*How to complete this task*
Repeat all entries word for word; skip images.
________________________
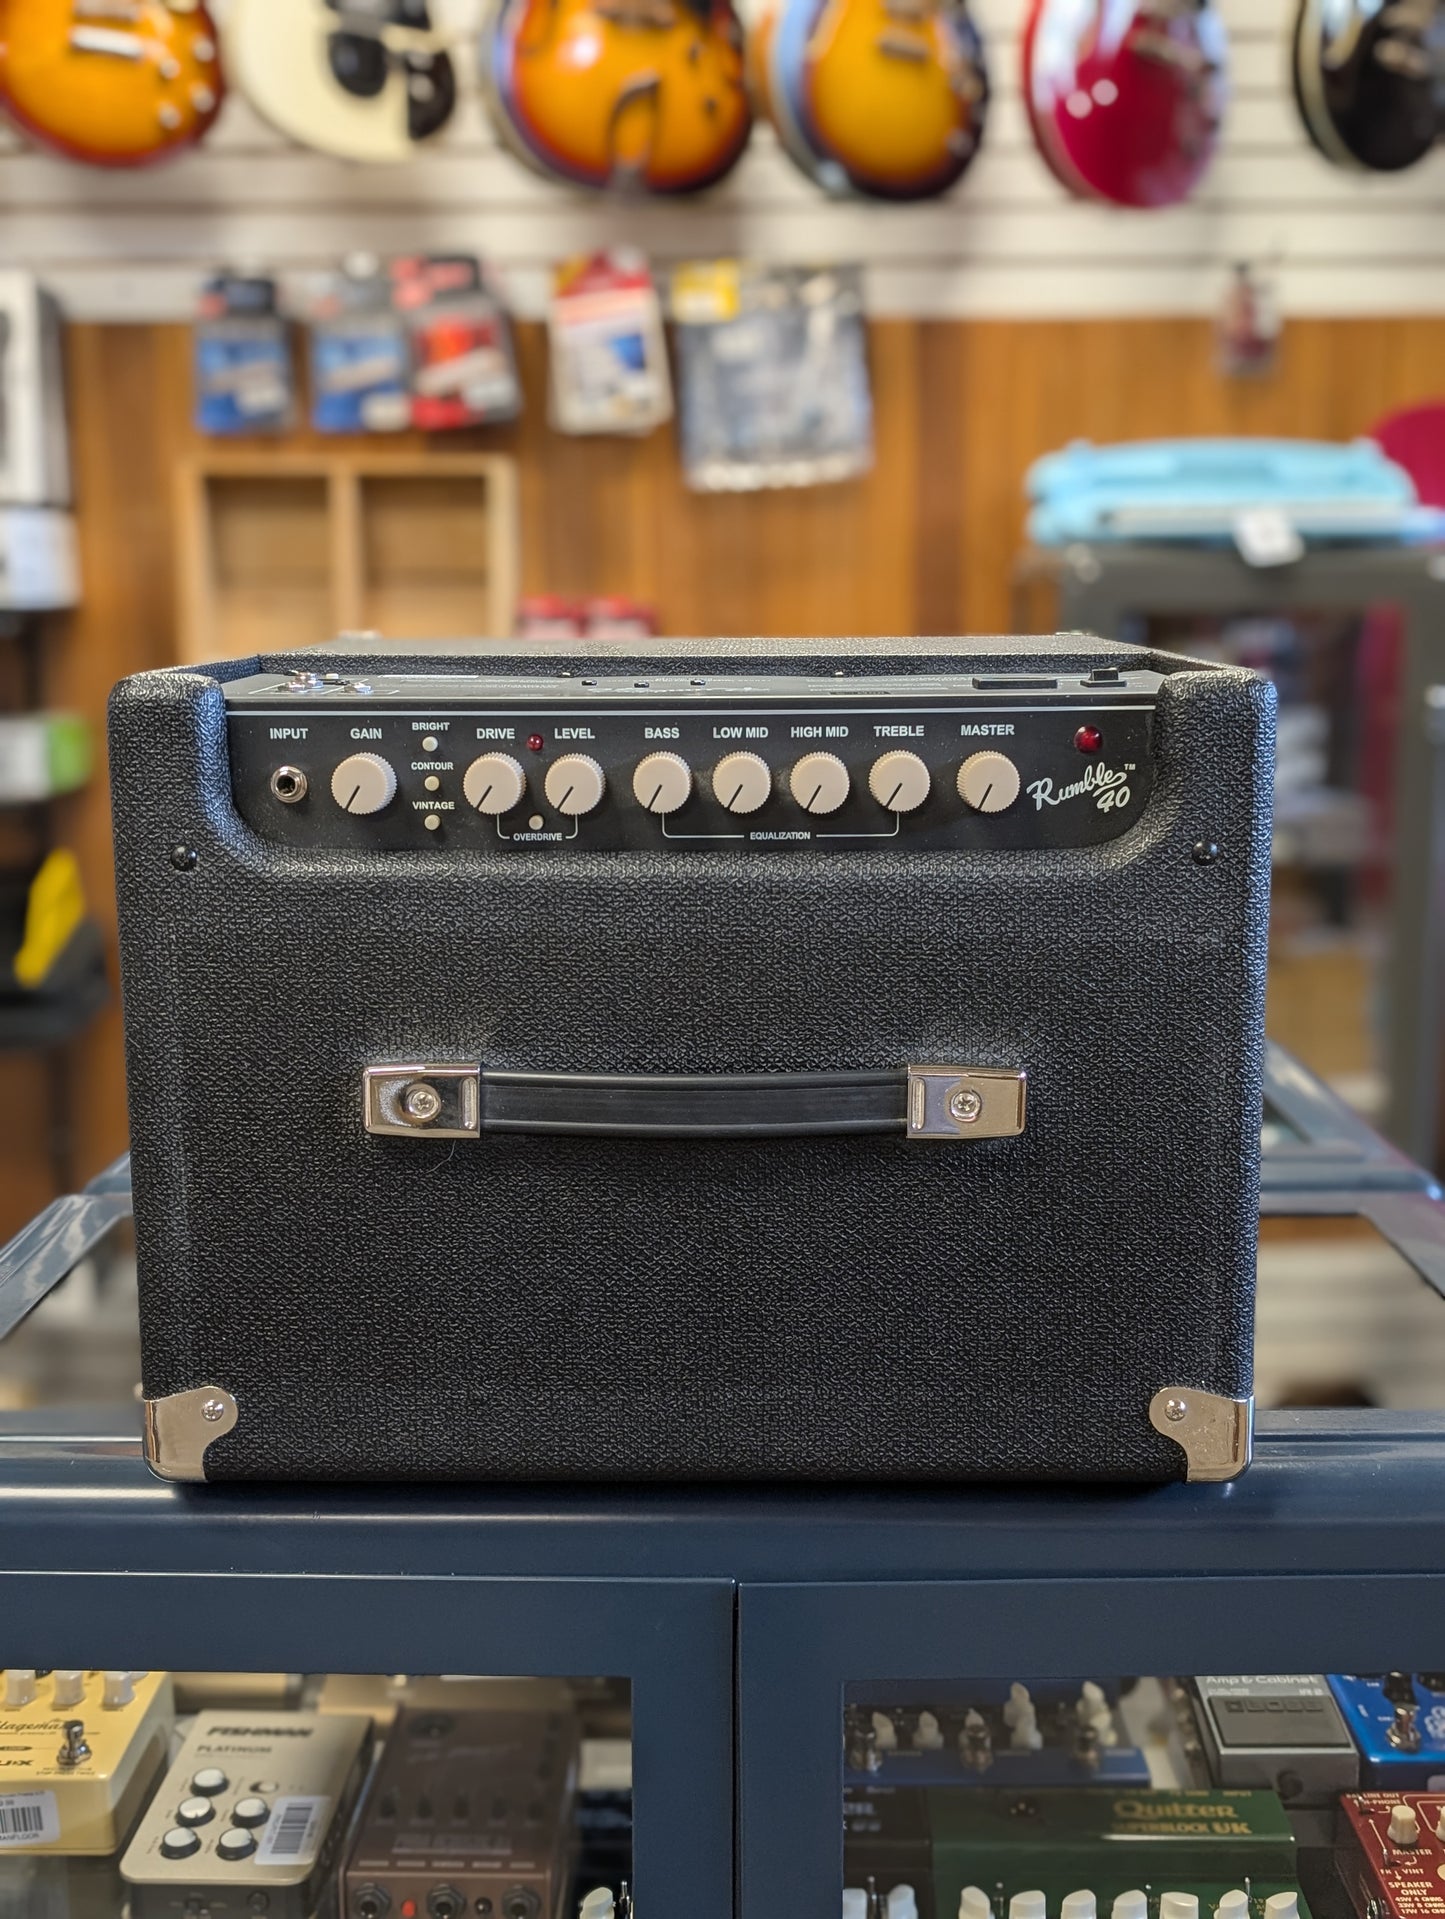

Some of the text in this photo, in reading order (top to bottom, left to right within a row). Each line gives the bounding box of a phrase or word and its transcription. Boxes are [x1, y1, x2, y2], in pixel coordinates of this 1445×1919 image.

[412, 722, 449, 731] BRIGHT
[790, 726, 849, 738] HIGH MID
[873, 726, 925, 737] TREBLE
[961, 725, 1015, 736] MASTER
[269, 728, 308, 739] INPUT
[350, 728, 382, 739] GAIN
[476, 728, 515, 739] DRIVE
[554, 728, 595, 739] LEVEL
[644, 727, 680, 739] BASS
[713, 727, 769, 738] LOW MID
[411, 762, 454, 770] CONTOUR
[1026, 761, 1128, 811] Rumble
[1096, 786, 1131, 813] 40
[412, 801, 455, 810] VINTAGE
[513, 832, 562, 842] OVERDRIVE
[750, 832, 811, 841] EQUALIZATION
[1388, 1881, 1434, 1889] SPEAKER
[1401, 1888, 1428, 1896] ONLY
________________________
*Answer*
Some of the text in this photo, in reading order (top to bottom, left to right within a row). Each line gives the bounding box of a phrase or word and its transcription. Boxes are [x1, y1, x2, y2], in pixel coordinates of this 1445×1919 image.

[412, 722, 449, 731] BRIGHT
[790, 726, 849, 738] HIGH MID
[873, 726, 925, 737] TREBLE
[961, 725, 1015, 736] MASTER
[269, 728, 308, 739] INPUT
[350, 728, 382, 739] GAIN
[476, 728, 515, 739] DRIVE
[554, 728, 595, 739] LEVEL
[644, 727, 680, 739] BASS
[713, 727, 769, 738] LOW MID
[411, 762, 454, 770] CONTOUR
[1026, 761, 1128, 811] Rumble
[1096, 786, 1131, 813] 40
[412, 801, 455, 810] VINTAGE
[513, 832, 562, 842] OVERDRIVE
[750, 832, 811, 841] EQUALIZATION
[1388, 1881, 1434, 1889] SPEAKER
[1401, 1888, 1428, 1896] ONLY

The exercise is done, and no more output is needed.